The chemical industry is a significant contributor to global greenhouse gas (GHG) emissions, making it a critical sector for decarbonization. This research investigates the potential of Power-to-X (PtX) systems as a pathway to produce essential chemicals with reduced environmental impact. PtX involves the conversion of renewable electricity into chemical products via integration with carbon capture and utilization (CCU) technologies. This thesis focuses on the development and assessment of three key PtX applications: olefins, ammonia, and formic acid.

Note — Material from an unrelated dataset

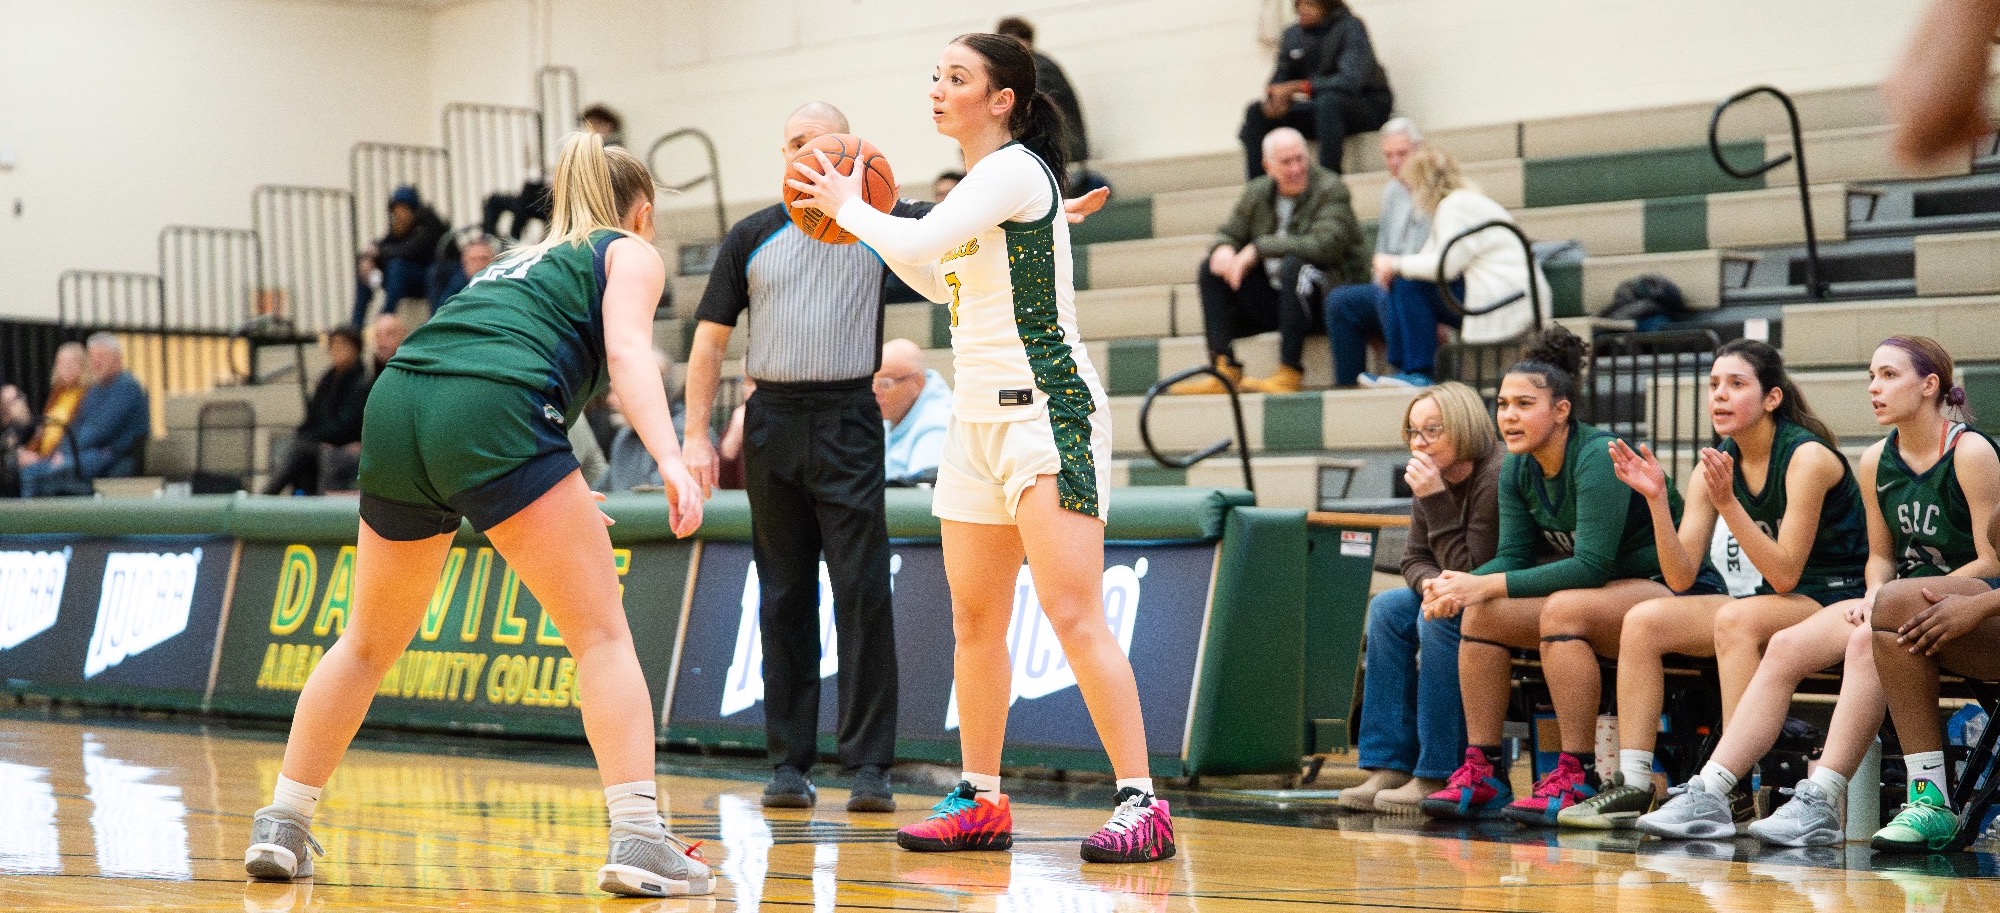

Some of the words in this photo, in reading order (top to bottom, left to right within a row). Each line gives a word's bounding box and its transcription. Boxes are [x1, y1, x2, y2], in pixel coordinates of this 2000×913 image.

[944, 271, 962, 328] 7
[269, 544, 632, 647] DAVIL
[486, 655, 582, 708] COLLE
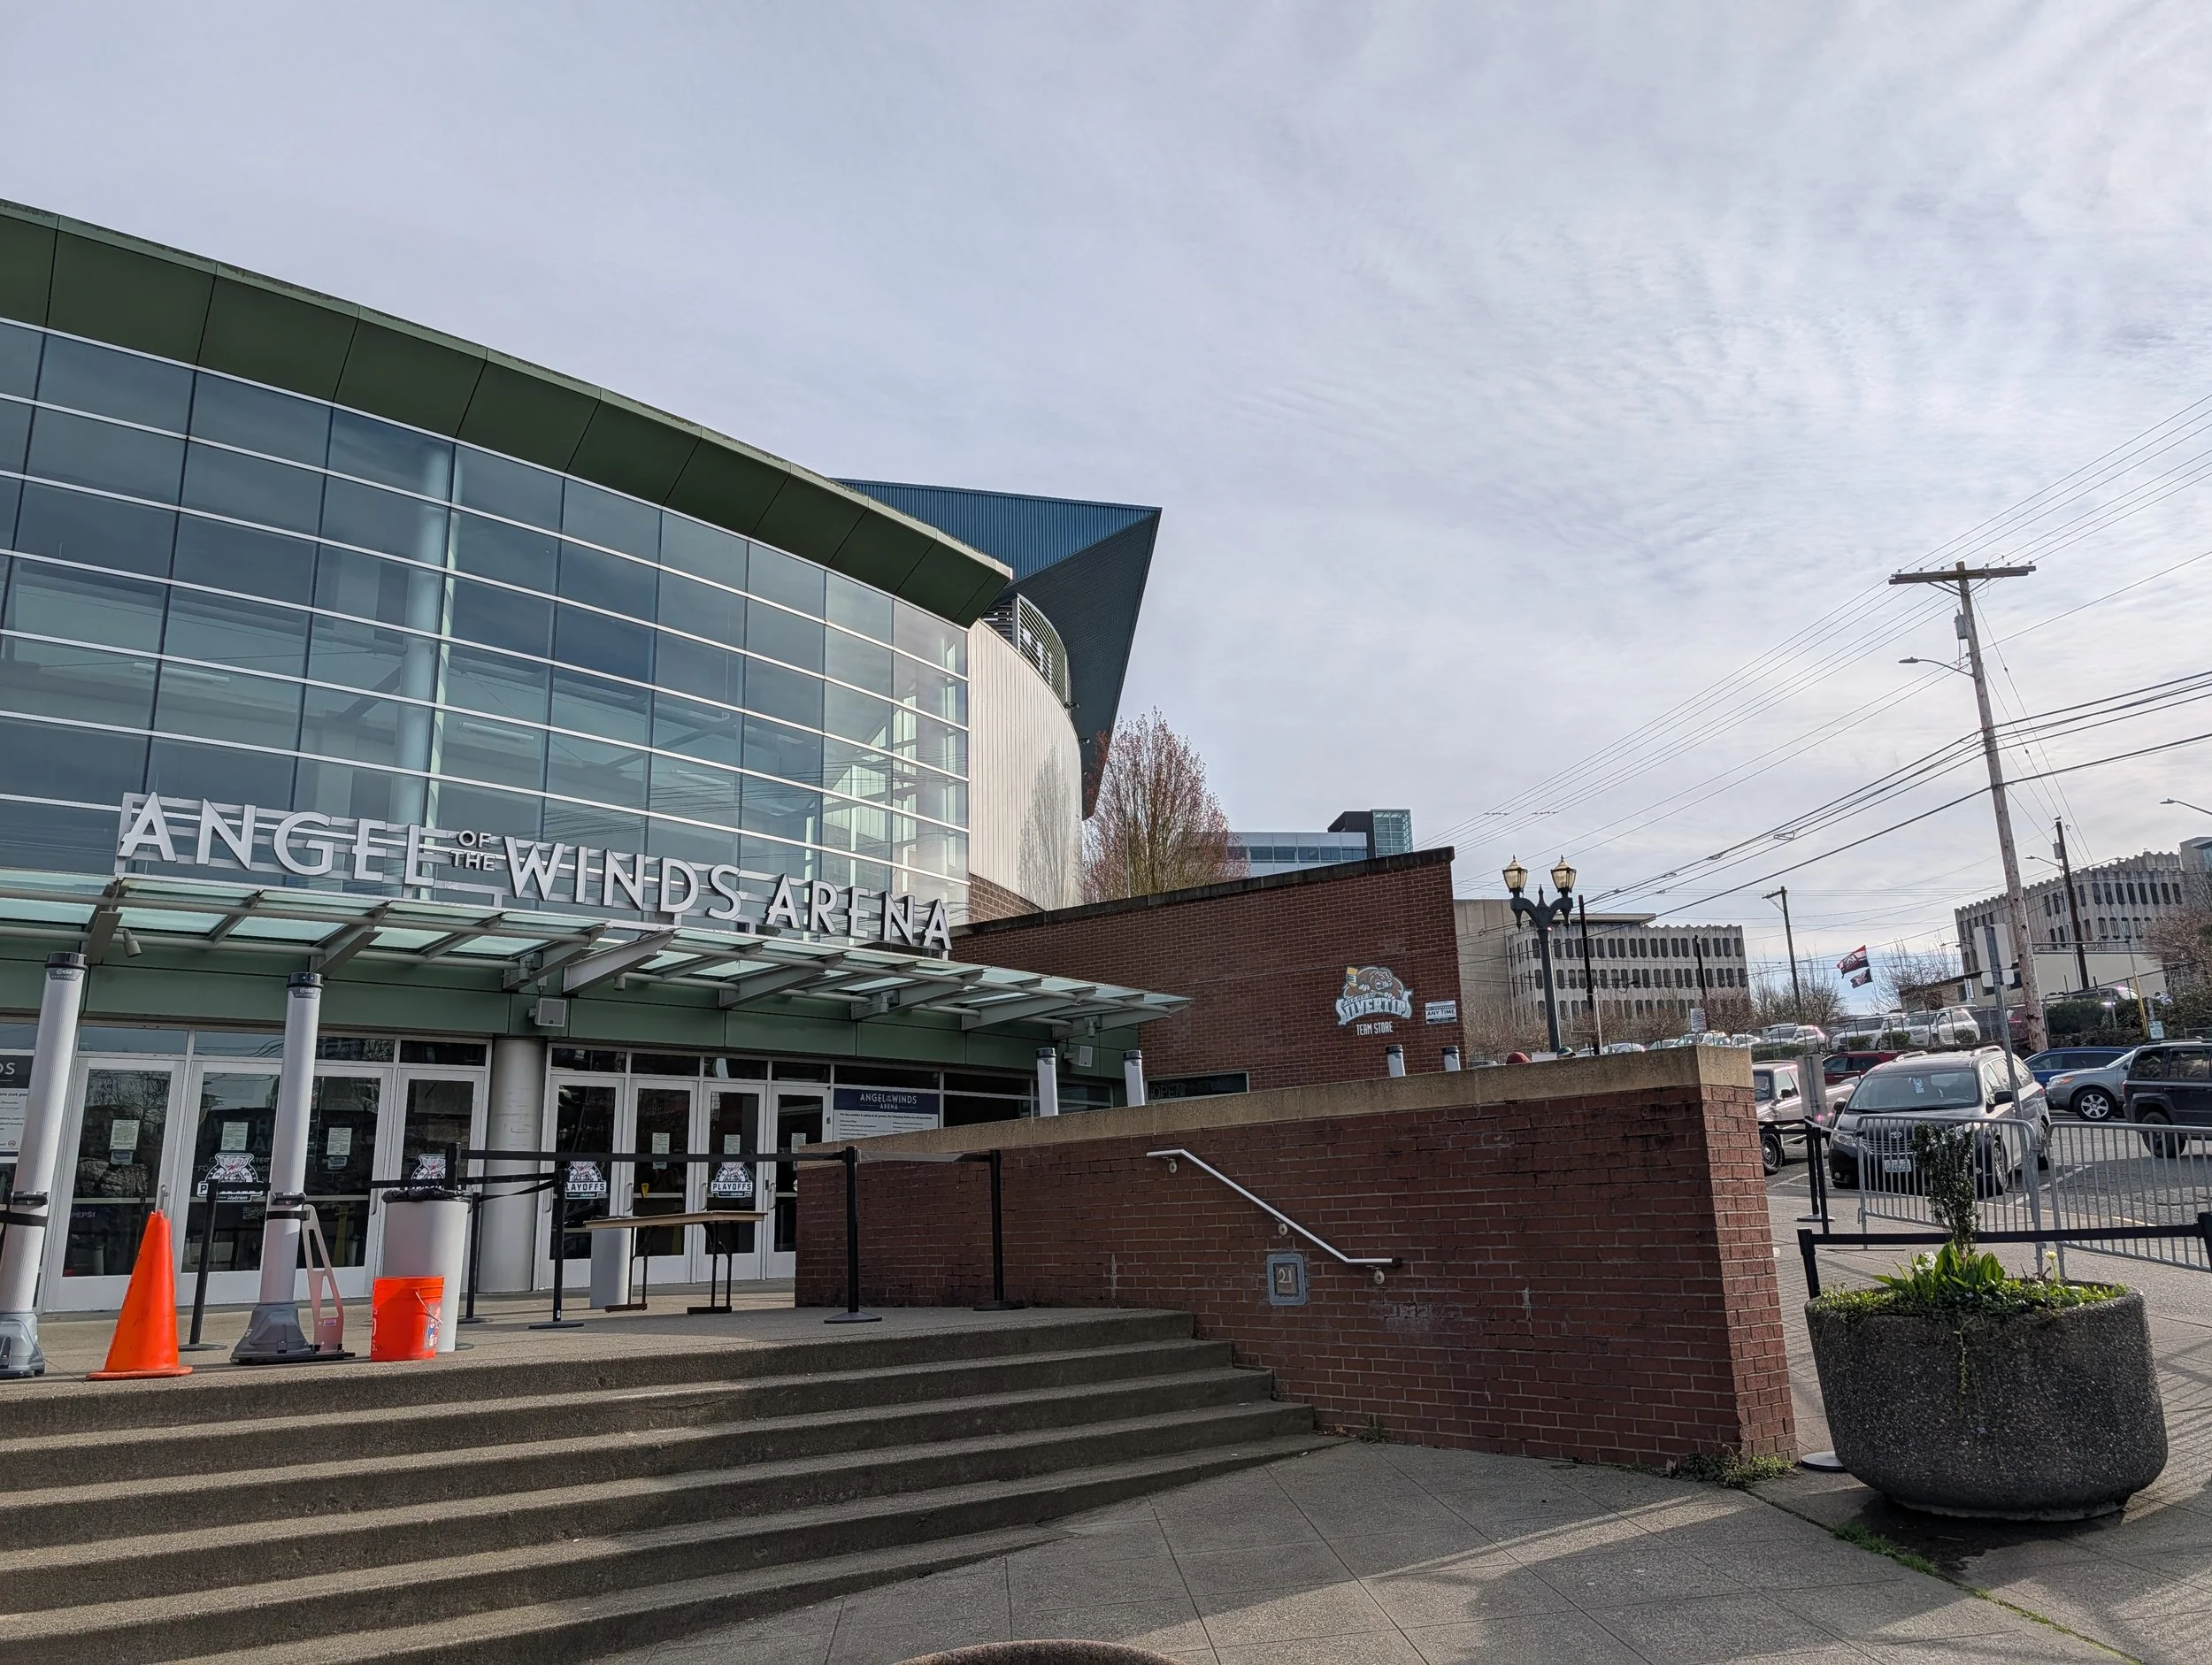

Each process is analysed through a combined techno-economic assessment (TEA) and life cycle assessment (LCA), providing a holistic evaluation of their feasibility and sustainability performance. The Power-to-Olefins (PtO) process integrates direct air capture (DAC) of CO₂, electrolytic hydrogen production, methanol synthesis, and methanol-to-olefins conversion, using offshore wind power. Despite its high energy intensity, the PtO system achieves a 49% reduction in global warming potential (GWP) compared to conventional fossil-based routes. The Power-to-Ammonia (PtA) process combines green hydrogen, cryogenic air separation for nitrogen, and the Haber-Bosch synthesis. A detailed model featuring kinetic reactor design and heat integration reveals a 94% reduction in GWP, though the levelized cost remains higher than traditional production. The results underscore the importance of low-cost renewable electricity in achieving economic viability. Finally, the Power-to-Formic Acid (PtFA) route, modelled via a thermocatalytic process, is the first of its kind to integrate TEA and LCA. The system demonstrates up to 90% reductions in CO₂ emissions, water consumption, and fossil resource use. Overall, this thesis provides a novel and comprehensive valuation of PtX systems for low-carbon chemical production. The findings contribute valuable insights for policymakers and industry stakeholders aiming to defossilising the chemical sector and align with global climate targets.